Shuping-Russell, who earned her MBA from Columbia and is managing director of BlackRock investment firm in New York, is a member of Carolina’s Board of Trustees and served on the Arts and Sciences Foundation Board of Directors. The professorship that honors her mother also recognizes the love of books that Margaret shared with her children.

“Today we spend so much time surrounded by technology. The professorship reflects my firm belief that literature conveys the human condition and promotes humanness in a way that technology cannot,” Shuping-Russell said.

A half-century after Margaret Russell helped forge new territory for women, Stephanie Elizondo Griest was a new graduate of the University of Texas, a double major in journalism and post-Soviet studies. After graduation, she lived in Beijing as a Henry Luce Scholar, editing and teaching journalism at China Daily, a Beijing newspaper. In 2012, she completed her MFA at the University of Iowa.

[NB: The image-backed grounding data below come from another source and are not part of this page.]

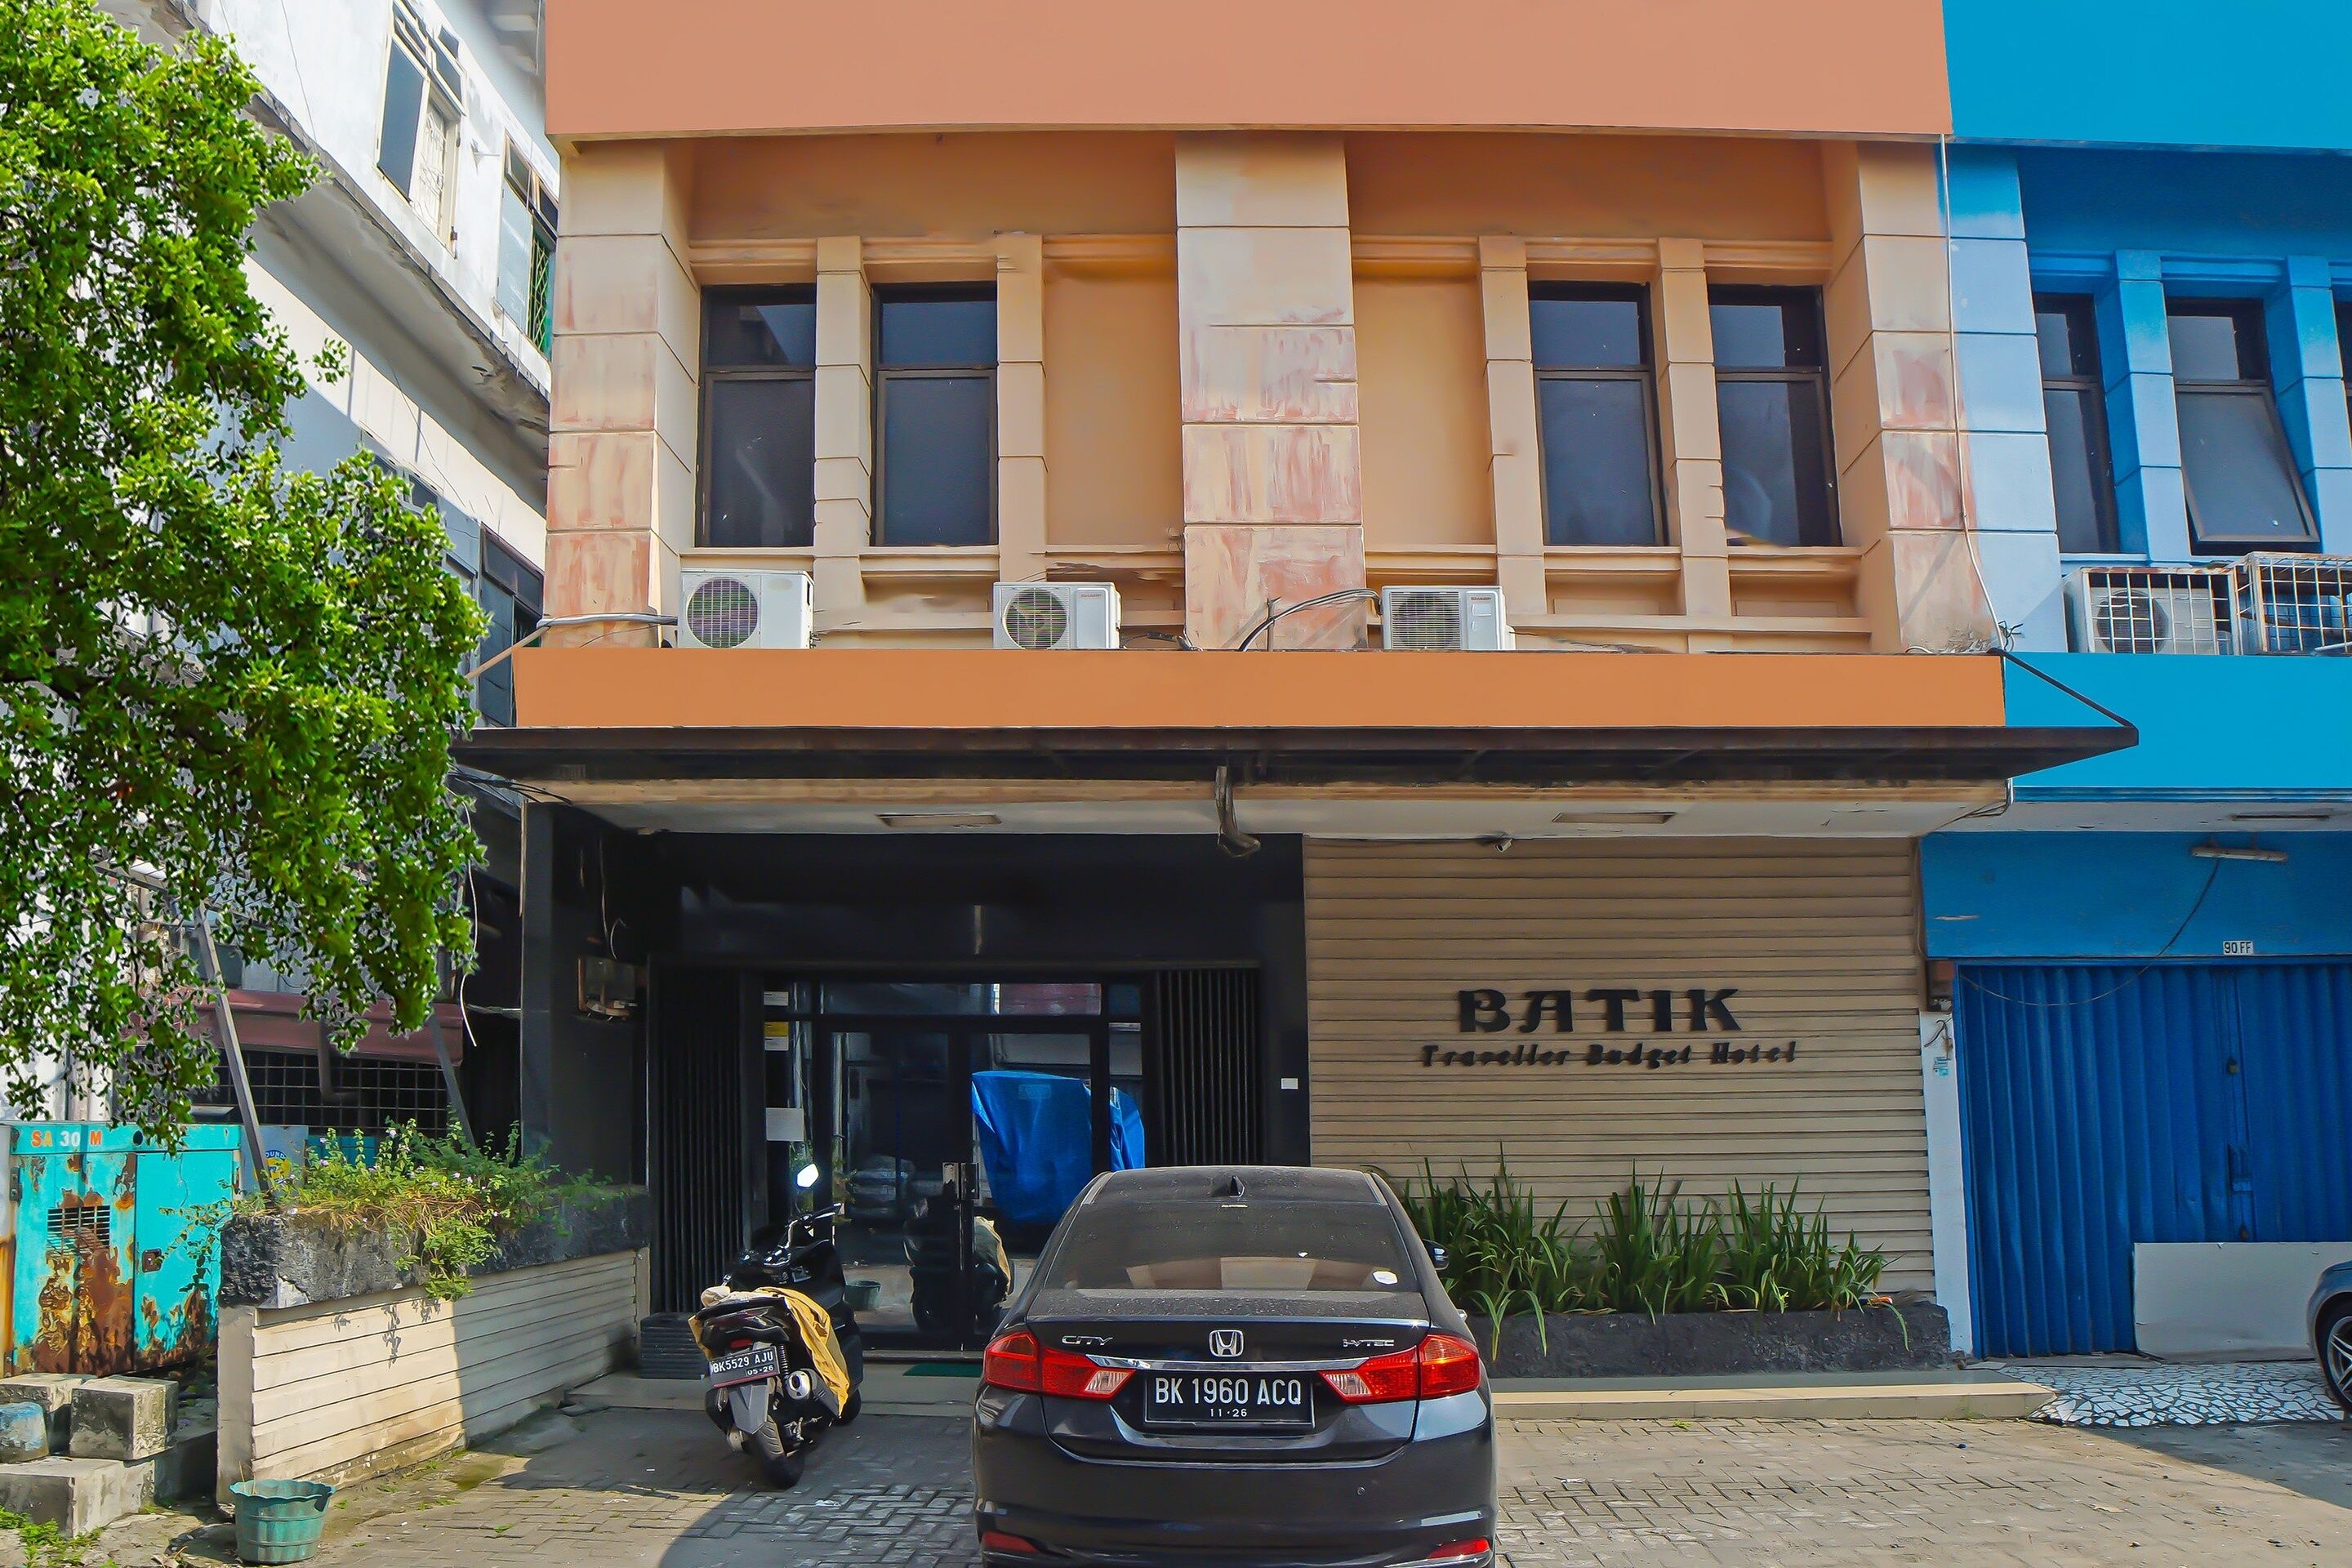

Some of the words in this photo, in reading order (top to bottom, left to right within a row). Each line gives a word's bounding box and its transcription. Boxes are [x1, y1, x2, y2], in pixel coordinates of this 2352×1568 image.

[1458, 988, 1742, 1033] BATIK
[1422, 1044, 1571, 1067] Traveller
[1585, 1043, 1691, 1070] Budget
[1710, 1040, 1797, 1064] Hotel
[31, 1130, 53, 1147] SA
[60, 1130, 81, 1147] 30
[90, 1130, 102, 1146] M
[1062, 1335, 1114, 1346] CITY
[755, 1351, 773, 1365] AJU
[1155, 1377, 1184, 1404] BK
[1192, 1378, 1249, 1405] 1960
[1257, 1379, 1301, 1405] ACQ

Her travels have taken her to more than 40 countries, with many of her experiences documented in her books Around the Bloc: My Life in Moscow, Beijing, and Havana; Mexican Enough: My Life Between the Borderlines; and the guidebook 100 Places Every Woman Should Go.

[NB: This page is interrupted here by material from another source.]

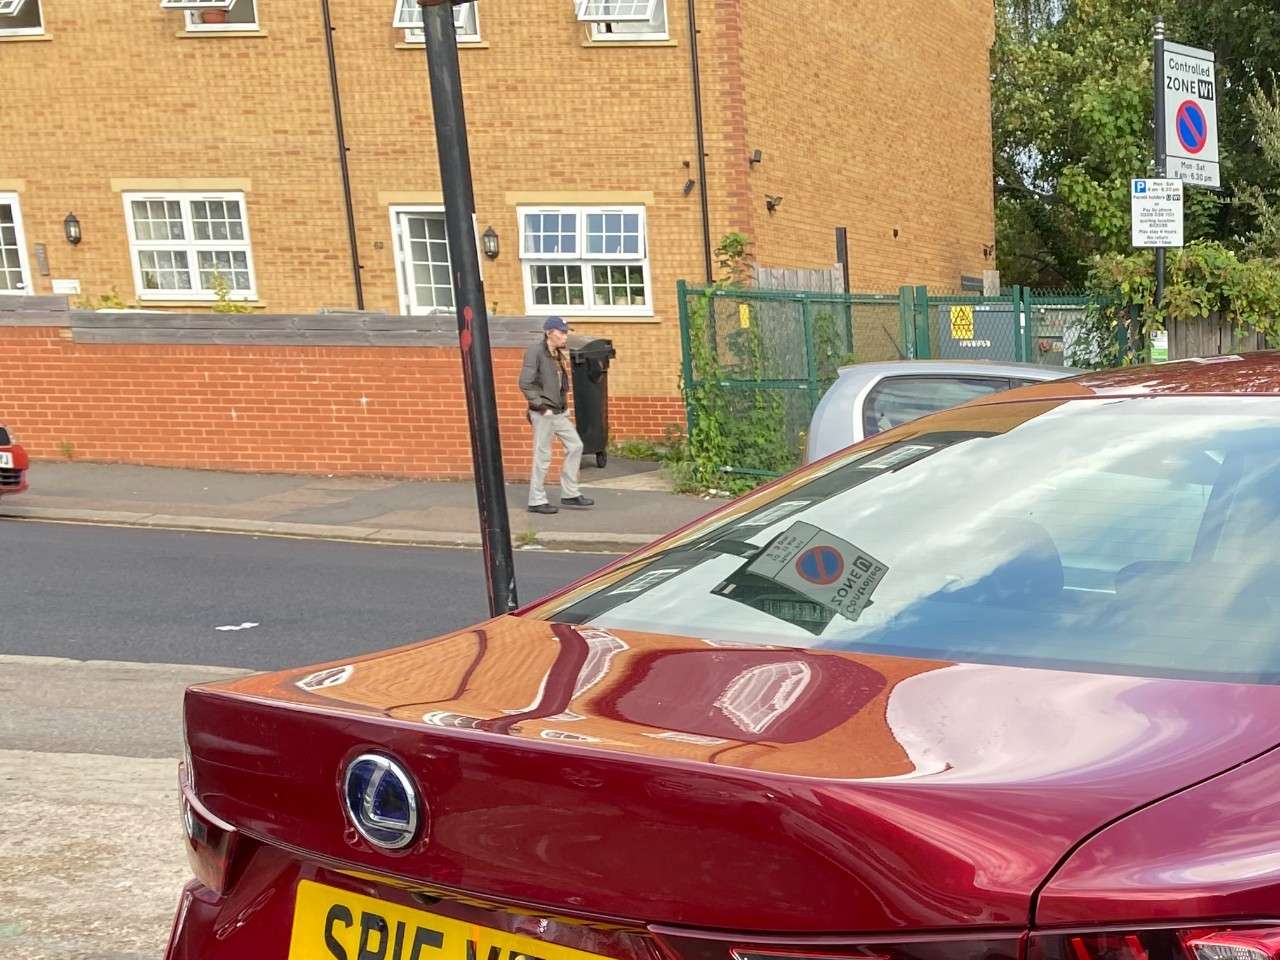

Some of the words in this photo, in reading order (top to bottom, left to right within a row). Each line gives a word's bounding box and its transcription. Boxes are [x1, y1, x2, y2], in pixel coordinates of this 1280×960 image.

Griest has documented the human condition at its grittiest levels, from an orphanage in Russia to borderland conflicts in Texas and, in her current research, in upstate New York at the Mohawk Nation at Akwesasne. As a journalist for the Associated Press in Austin, she covered George W. Bush’s last legislative session as governor and his bid for the presidency. She has also written for the New York Times, Washington Post and Latina Magazine, among many other publications.

The Corpus Christi native — who said she does not own a smart phone — traces her wanderlust to her great-great Uncle Jake, a “hobo” on her father’s side of the family, and to her mother’s ancestors who were America’s first real cowboys, the Mexican ranch workers on Texas’s famed King Ranch.

An enthusiastic teacher, Griest most recently was a visiting professor of creative writing at St. Lawrence University, and has taught at many writers’ conferences.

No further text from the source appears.